— ACTION ITEM —
Every line below is to be given again precisely; images are to be left out.
#### RECORDS SUPPLIED ####
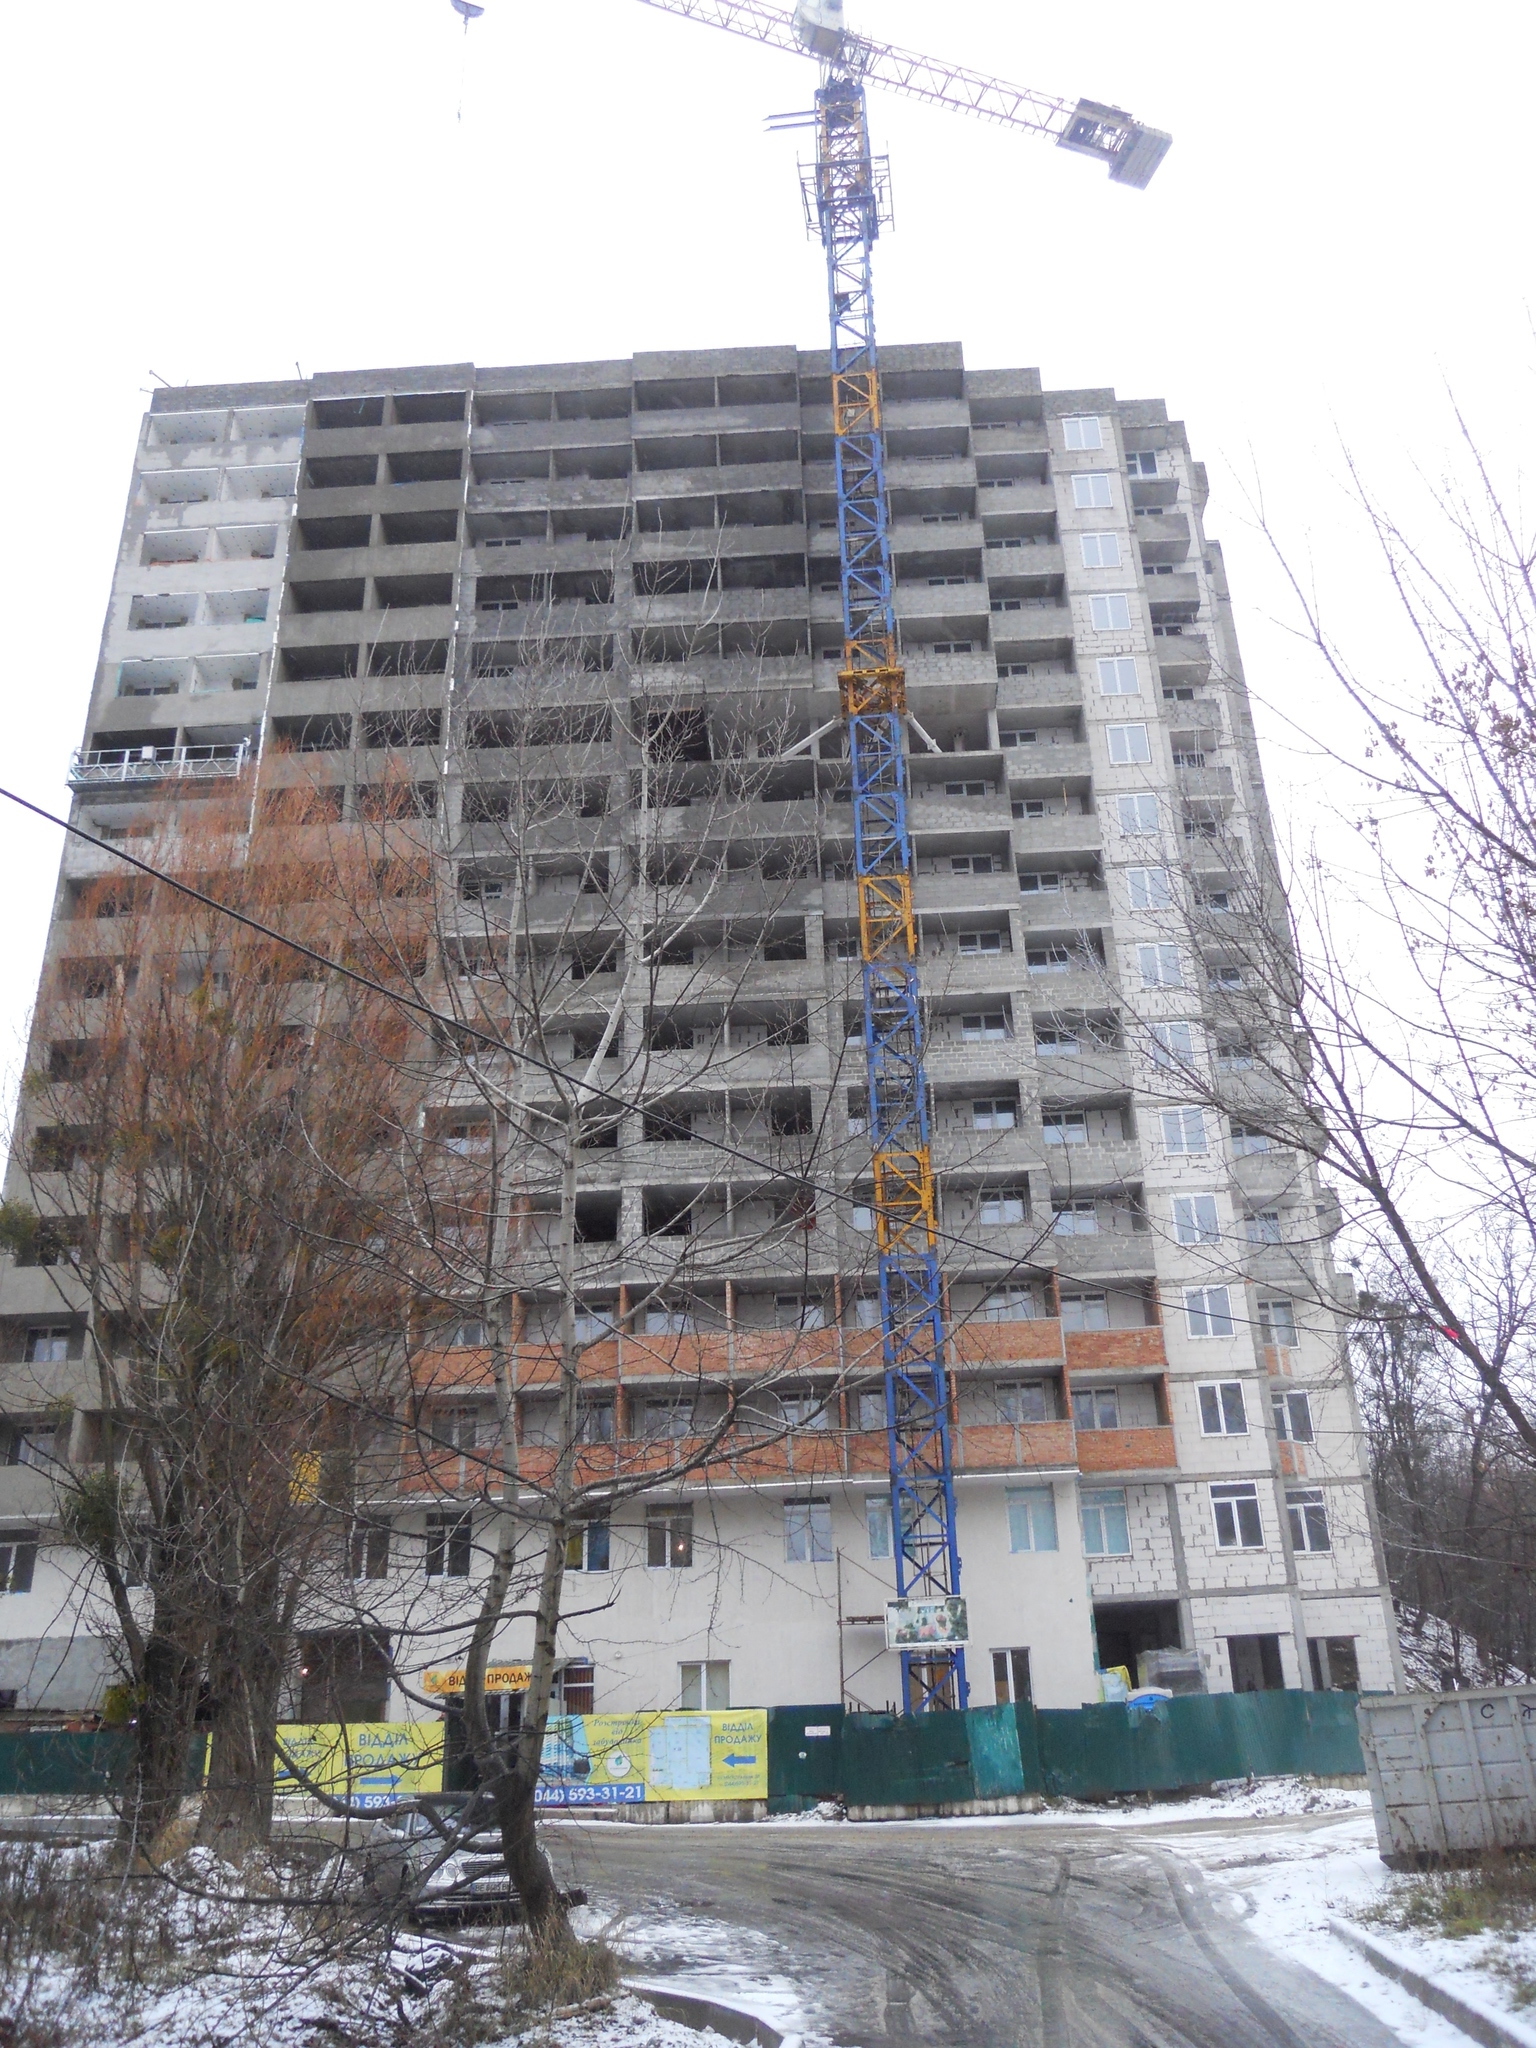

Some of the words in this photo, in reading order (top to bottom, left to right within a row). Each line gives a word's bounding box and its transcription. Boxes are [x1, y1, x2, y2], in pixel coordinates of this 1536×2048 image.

[487, 1672, 532, 1684] ПРОДАЖ
[722, 1723, 753, 1733] ВІДДІЛ
[359, 1734, 408, 1748] ВІДДІЛ
[714, 1735, 762, 1745] ПРОДАЖУ
[535, 1789, 565, 1802] 044)
[568, 1785, 642, 1800] 593-31-21
####
— PROBLEM SOLUTION —
Some of the words in this photo, in reading order (top to bottom, left to right within a row). Each line gives a word's bounding box and its transcription. Boxes are [x1, y1, x2, y2], in pixel coordinates of this 1536×2048 image.

[487, 1672, 532, 1684] ПРОДАЖ
[722, 1723, 753, 1733] ВІДДІЛ
[359, 1734, 408, 1748] ВІДДІЛ
[714, 1735, 762, 1745] ПРОДАЖУ
[535, 1789, 565, 1802] 044)
[568, 1785, 642, 1800] 593-31-21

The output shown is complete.